» AIM OF THE TASK: The response should be the records below, repeated exactly, with each picture left out.

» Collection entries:
..........

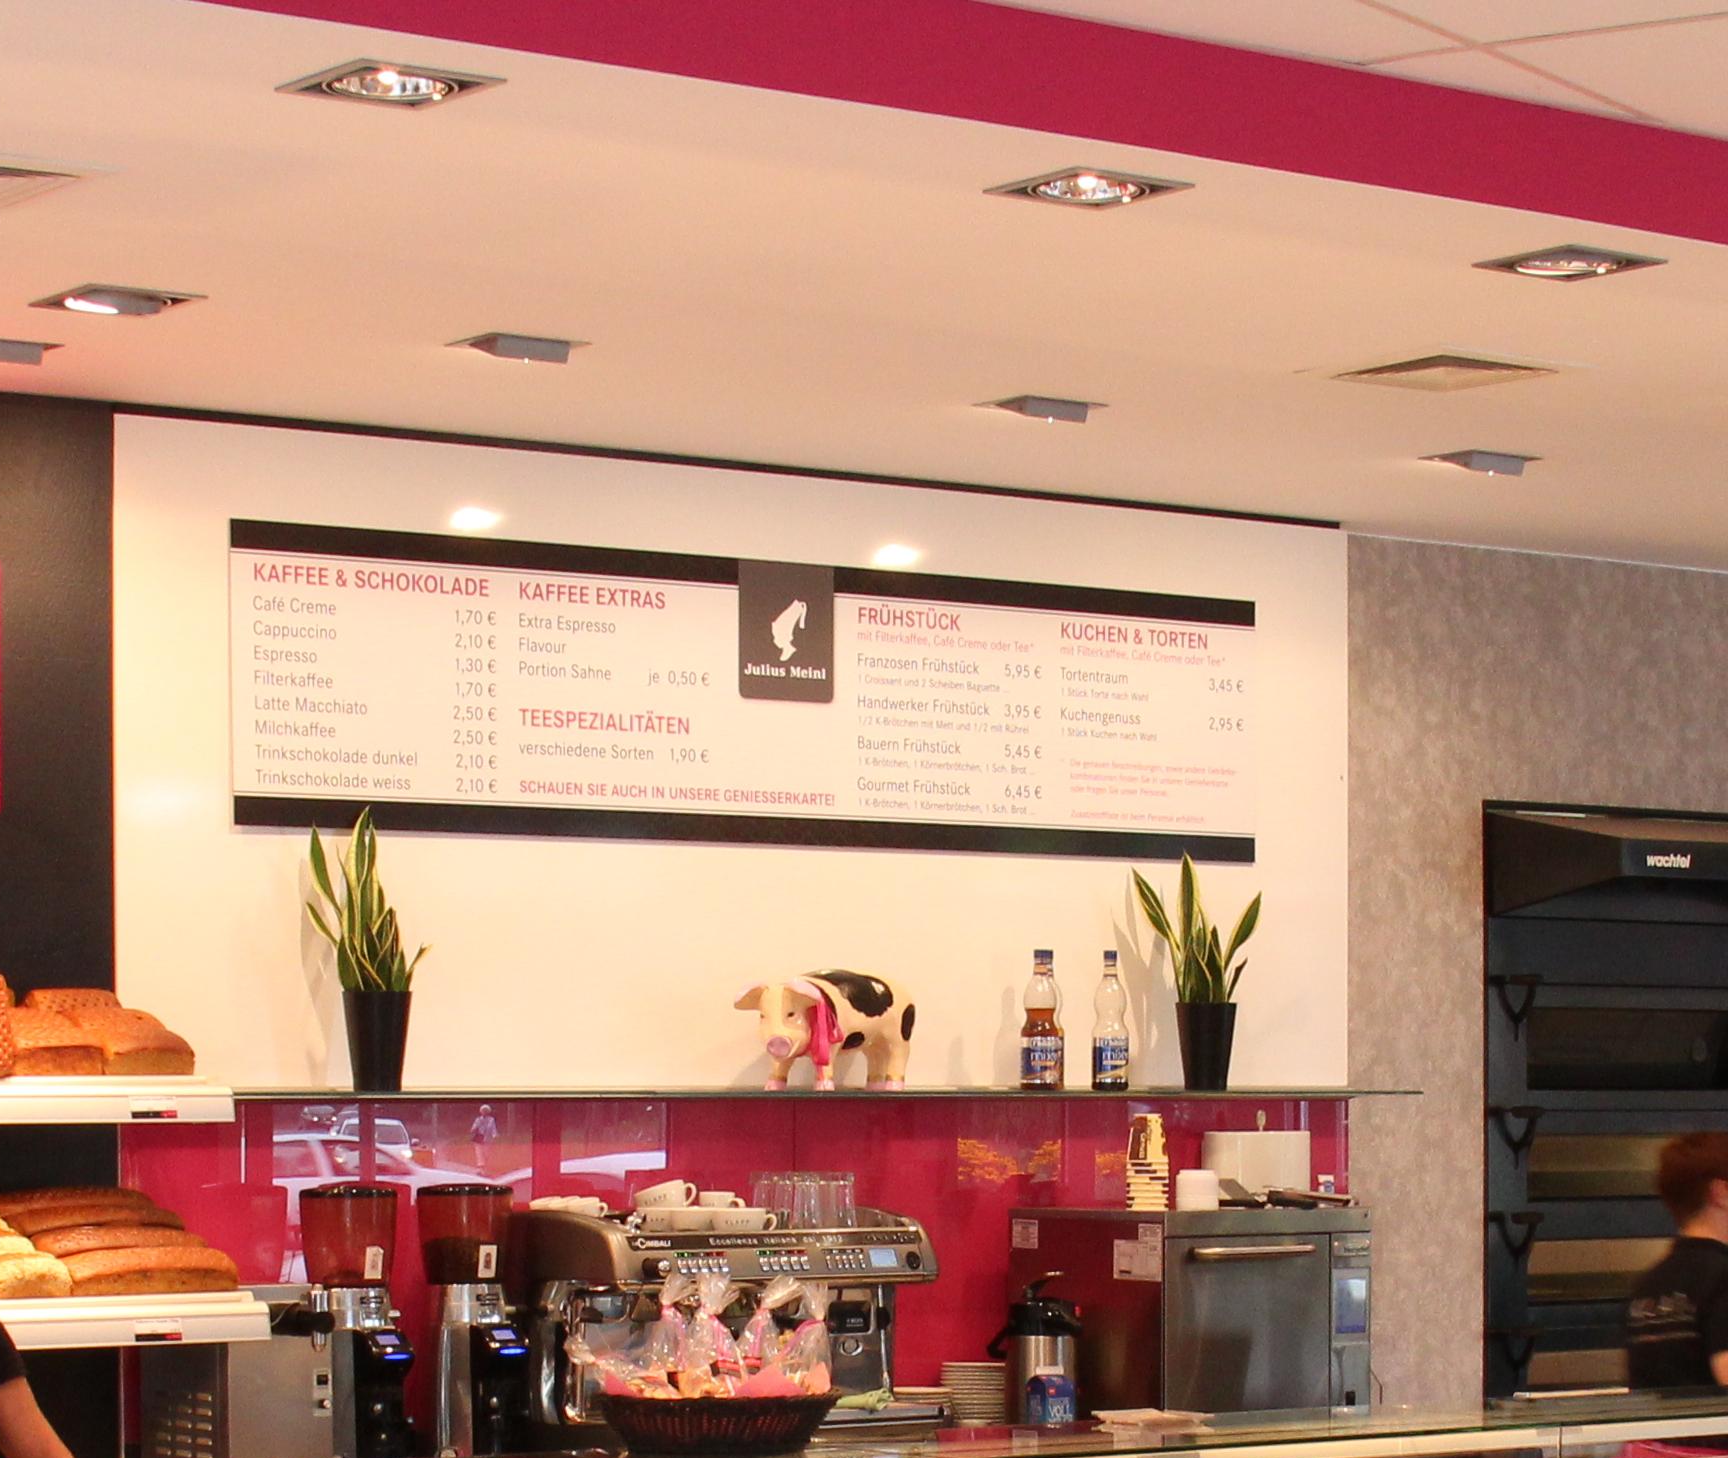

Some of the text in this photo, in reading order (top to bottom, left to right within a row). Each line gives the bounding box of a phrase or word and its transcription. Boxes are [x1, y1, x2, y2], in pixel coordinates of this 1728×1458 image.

[253, 562, 490, 597] KAFFEE & SCHOKOLADE
[519, 582, 665, 609] KAFFEE EXTRAS
[253, 595, 496, 626] Café Creme 1,70 €
[519, 613, 616, 634] Extra Espresso
[858, 604, 961, 631] FRÜHSTÜCK
[253, 620, 496, 650] Cappuccino 2,10 €
[519, 637, 567, 654] Flavour
[857, 631, 872, 642] mit
[958, 637, 987, 650] Creme
[991, 640, 1011, 651] oder
[1061, 622, 1208, 649] KUCHEN & TORTEN
[254, 645, 496, 674] Espresso 1,30 €
[744, 663, 826, 679] Julius Meinl
[858, 653, 1042, 679] Franzosen Frühstück 5,95 €
[254, 670, 496, 698] Filterkaffee 1,70 €
[519, 661, 710, 687] Portion Sahne je 0,50 €
[1061, 667, 1243, 694] Tortentraum 3,45 €
[255, 696, 496, 722] Latte Macchiato 2,50 €
[858, 696, 1041, 719] Handwerker Frühstück 3,95 €
[1061, 707, 1243, 733] Kuchengenuss 2,95 €
[255, 720, 497, 746] Milchkaffee 2,50 €
[519, 708, 690, 735] TEESPEZIALITÄTEN
[256, 744, 497, 770] Trinkschokolade dunkel 2,10 €
[519, 742, 709, 764] verschiedene Sorten 1,90 €
[858, 735, 1042, 759] Bauern Frühstück 5,45 €
[256, 769, 497, 794] Trinkschokolade weiss 2,10 €
[520, 780, 835, 807] SCHAUEN SIE AUCH IN UNSERE GENIESSERKARTE!
[858, 776, 1042, 800] Gourmet Frühstück 6,45 €
[1646, 853, 1691, 868] wachtel
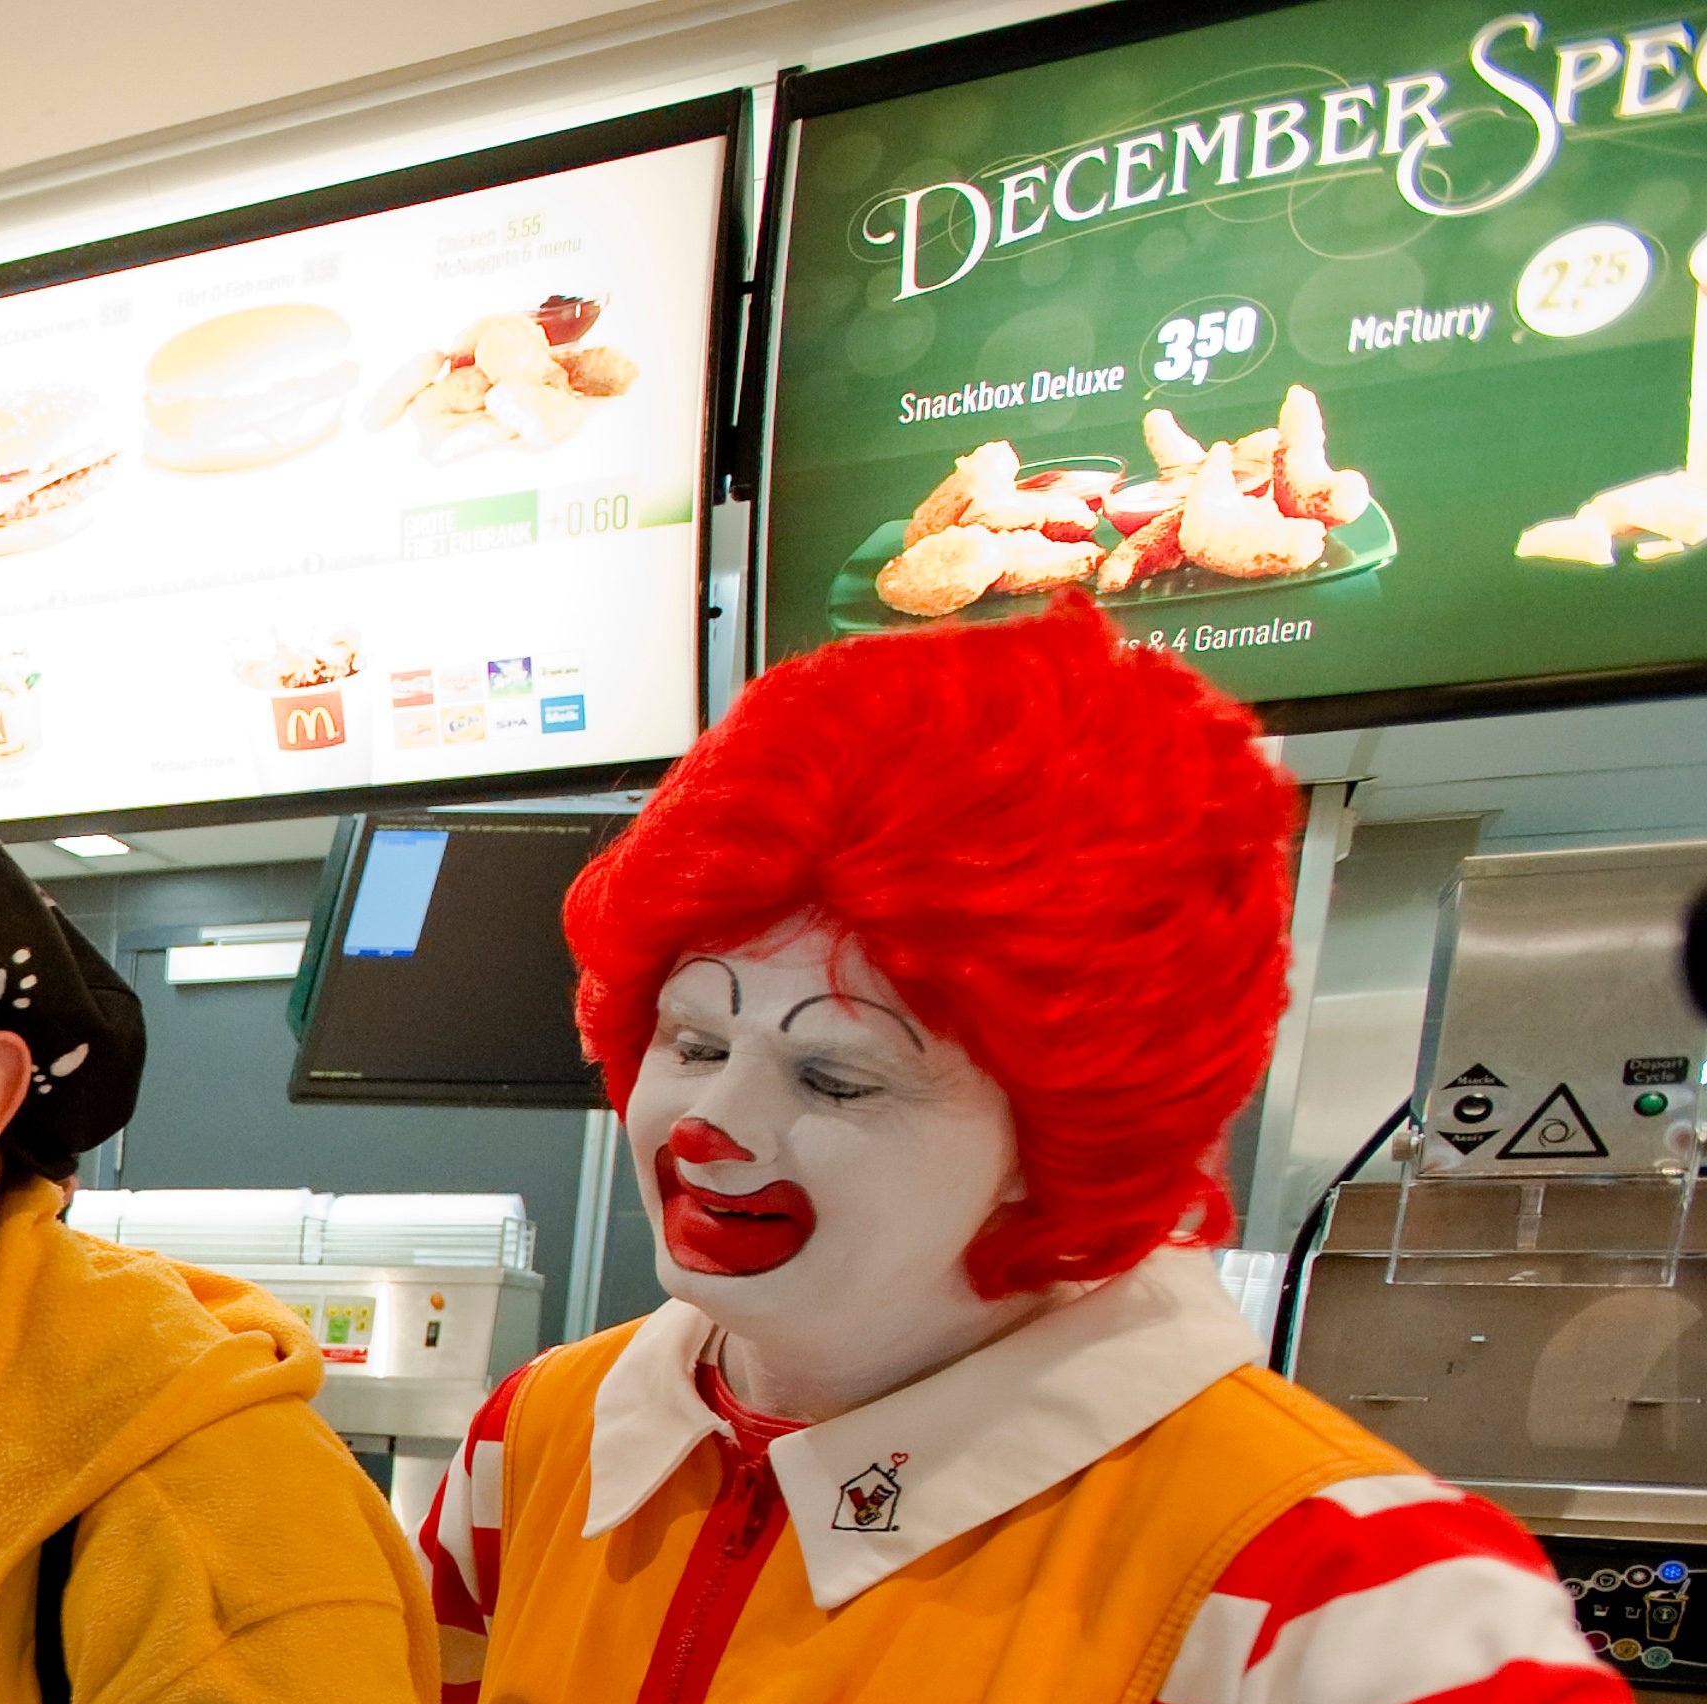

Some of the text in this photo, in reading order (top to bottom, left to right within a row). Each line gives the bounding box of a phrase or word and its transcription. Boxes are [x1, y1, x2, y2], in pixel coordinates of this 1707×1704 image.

[864, 13, 1707, 303] DECEMBER SPE
[507, 215, 541, 241] 5.55
[539, 237, 583, 259] menu
[1536, 247, 1630, 316] 2,25
[1154, 306, 1257, 387] 3,50
[1349, 302, 1491, 354] McFlurry
[899, 363, 1124, 425] Snackbox Deluxe
[474, 523, 532, 552] DRANK
[567, 494, 629, 537] 0.60
[1172, 628, 1187, 652] 4
[1195, 617, 1312, 651] Garnalen
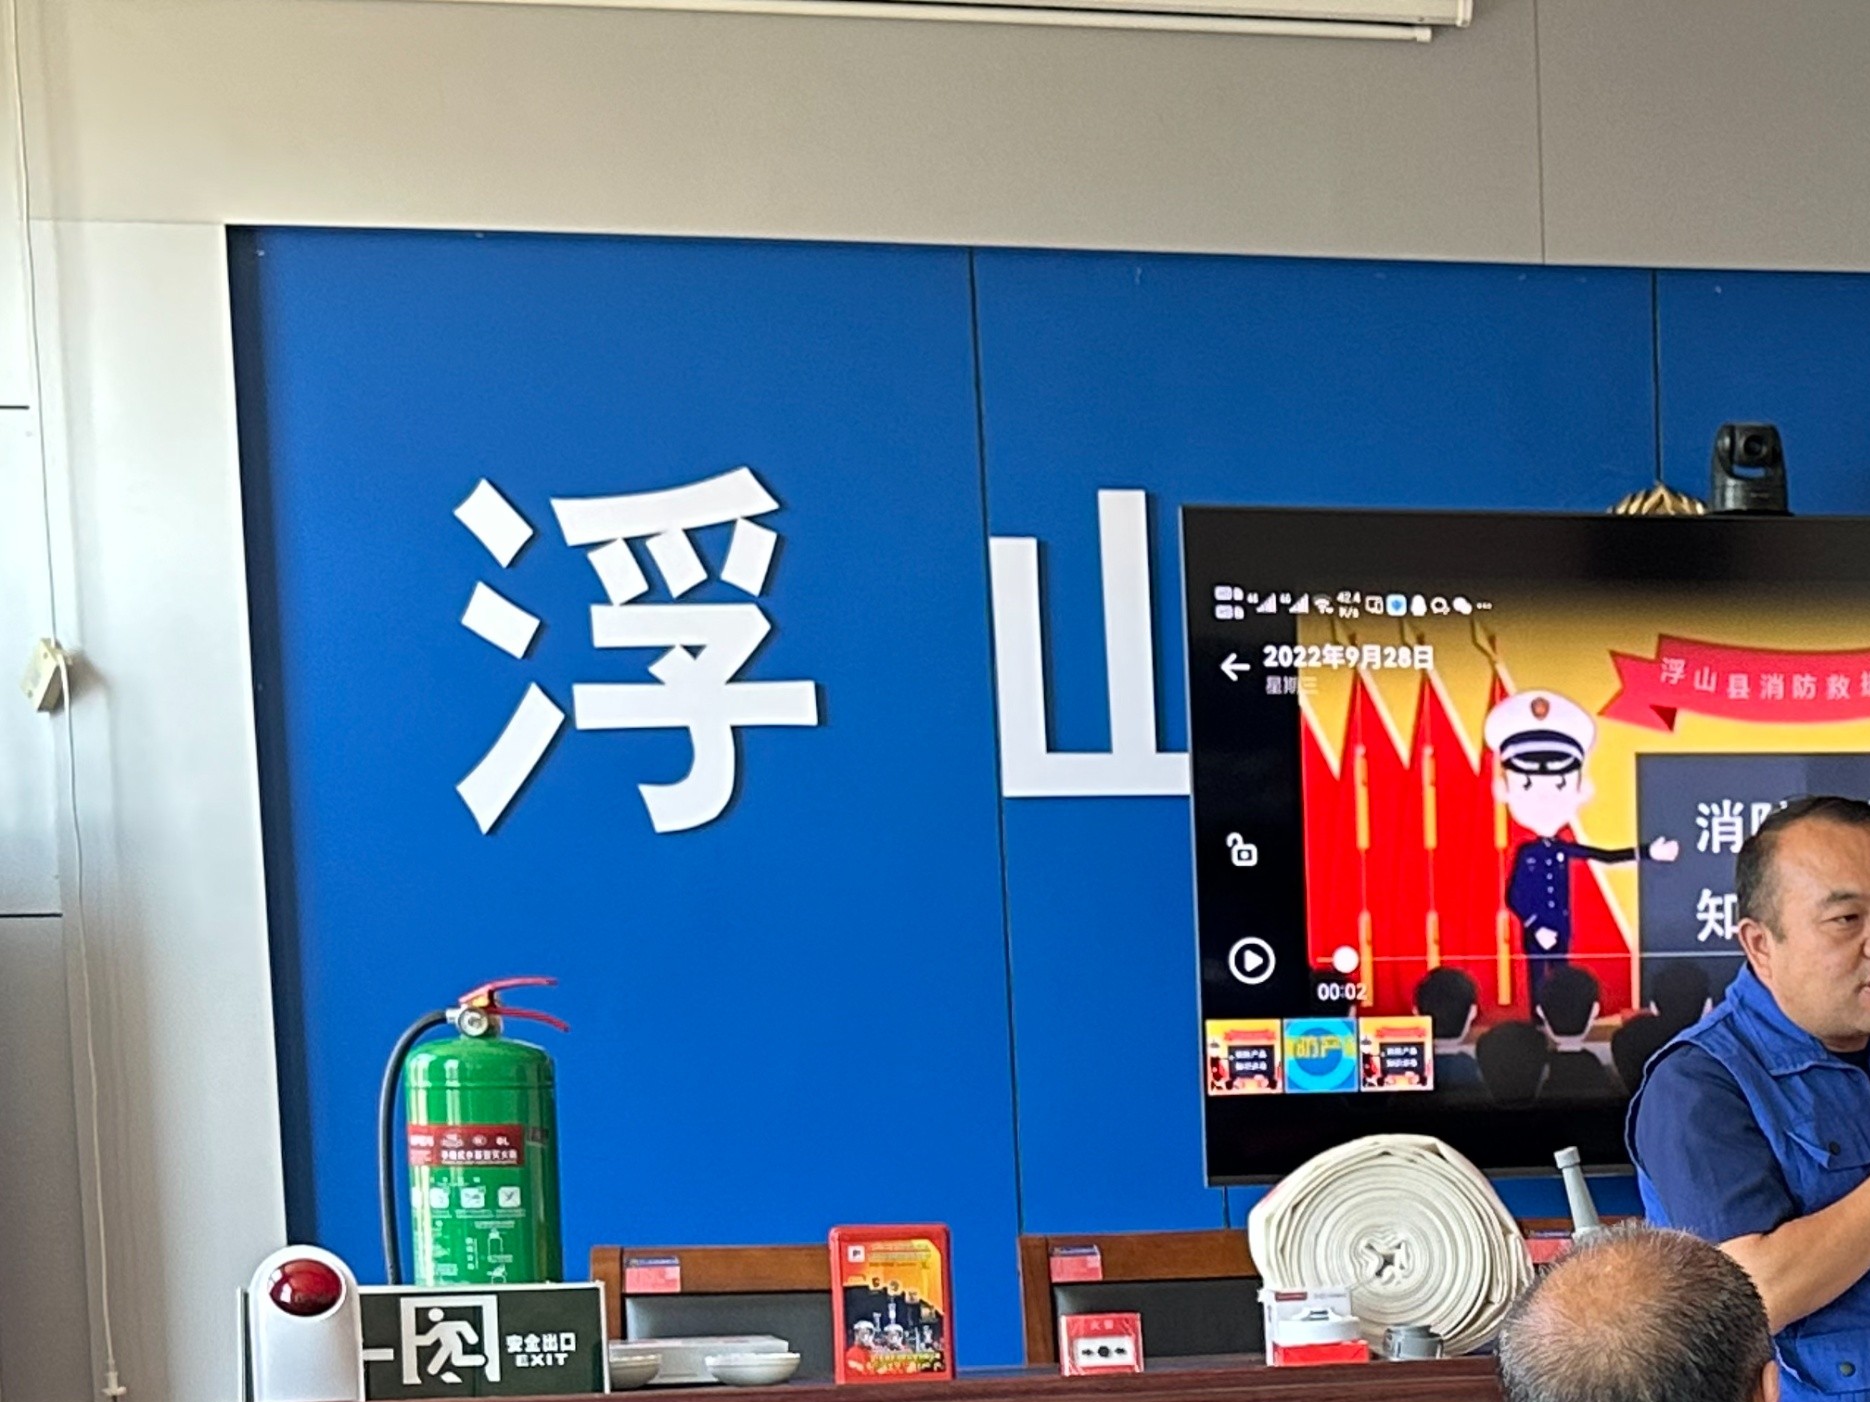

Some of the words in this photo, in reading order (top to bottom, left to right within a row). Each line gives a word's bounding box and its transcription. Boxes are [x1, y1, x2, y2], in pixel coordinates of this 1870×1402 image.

[1262, 643, 1435, 670] 2022年9月28日
[1317, 982, 1368, 1001] 00:02
[505, 1332, 577, 1354] 安全出口
[515, 1352, 569, 1368] EXIT

..........

» PROBLEM SOLUTION:
Some of the text in this photo, in reading order (top to bottom, left to right within a row). Each line gives the bounding box of a phrase or word and its transcription. Boxes are [x1, y1, x2, y2], in pixel coordinates of this 1728×1458 image.

[253, 562, 490, 597] KAFFEE & SCHOKOLADE
[519, 582, 665, 609] KAFFEE EXTRAS
[253, 595, 496, 626] Café Creme 1,70 €
[519, 613, 616, 634] Extra Espresso
[858, 604, 961, 631] FRÜHSTÜCK
[253, 620, 496, 650] Cappuccino 2,10 €
[519, 637, 567, 654] Flavour
[857, 631, 872, 642] mit
[958, 637, 987, 650] Creme
[991, 640, 1011, 651] oder
[1061, 622, 1208, 649] KUCHEN & TORTEN
[254, 645, 496, 674] Espresso 1,30 €
[744, 663, 826, 679] Julius Meinl
[858, 653, 1042, 679] Franzosen Frühstück 5,95 €
[254, 670, 496, 698] Filterkaffee 1,70 €
[519, 661, 710, 687] Portion Sahne je 0,50 €
[1061, 667, 1243, 694] Tortentraum 3,45 €
[255, 696, 496, 722] Latte Macchiato 2,50 €
[858, 696, 1041, 719] Handwerker Frühstück 3,95 €
[1061, 707, 1243, 733] Kuchengenuss 2,95 €
[255, 720, 497, 746] Milchkaffee 2,50 €
[519, 708, 690, 735] TEESPEZIALITÄTEN
[256, 744, 497, 770] Trinkschokolade dunkel 2,10 €
[519, 742, 709, 764] verschiedene Sorten 1,90 €
[858, 735, 1042, 759] Bauern Frühstück 5,45 €
[256, 769, 497, 794] Trinkschokolade weiss 2,10 €
[520, 780, 835, 807] SCHAUEN SIE AUCH IN UNSERE GENIESSERKARTE!
[858, 776, 1042, 800] Gourmet Frühstück 6,45 €
[1646, 853, 1691, 868] wachtel

Some of the text in this photo, in reading order (top to bottom, left to right within a row). Each line gives the bounding box of a phrase or word and its transcription. Boxes are [x1, y1, x2, y2], in pixel coordinates of this 1707×1704 image.

[864, 13, 1707, 303] DECEMBER SPE
[507, 215, 541, 241] 5.55
[539, 237, 583, 259] menu
[1536, 247, 1630, 316] 2,25
[1154, 306, 1257, 387] 3,50
[1349, 302, 1491, 354] McFlurry
[899, 363, 1124, 425] Snackbox Deluxe
[474, 523, 532, 552] DRANK
[567, 494, 629, 537] 0.60
[1172, 628, 1187, 652] 4
[1195, 617, 1312, 651] Garnalen

Some of the words in this photo, in reading order (top to bottom, left to right within a row). Each line gives a word's bounding box and its transcription. Boxes are [x1, y1, x2, y2], in pixel coordinates of this 1870×1402 image.

[1262, 643, 1435, 670] 2022年9月28日
[1317, 982, 1368, 1001] 00:02
[505, 1332, 577, 1354] 安全出口
[515, 1352, 569, 1368] EXIT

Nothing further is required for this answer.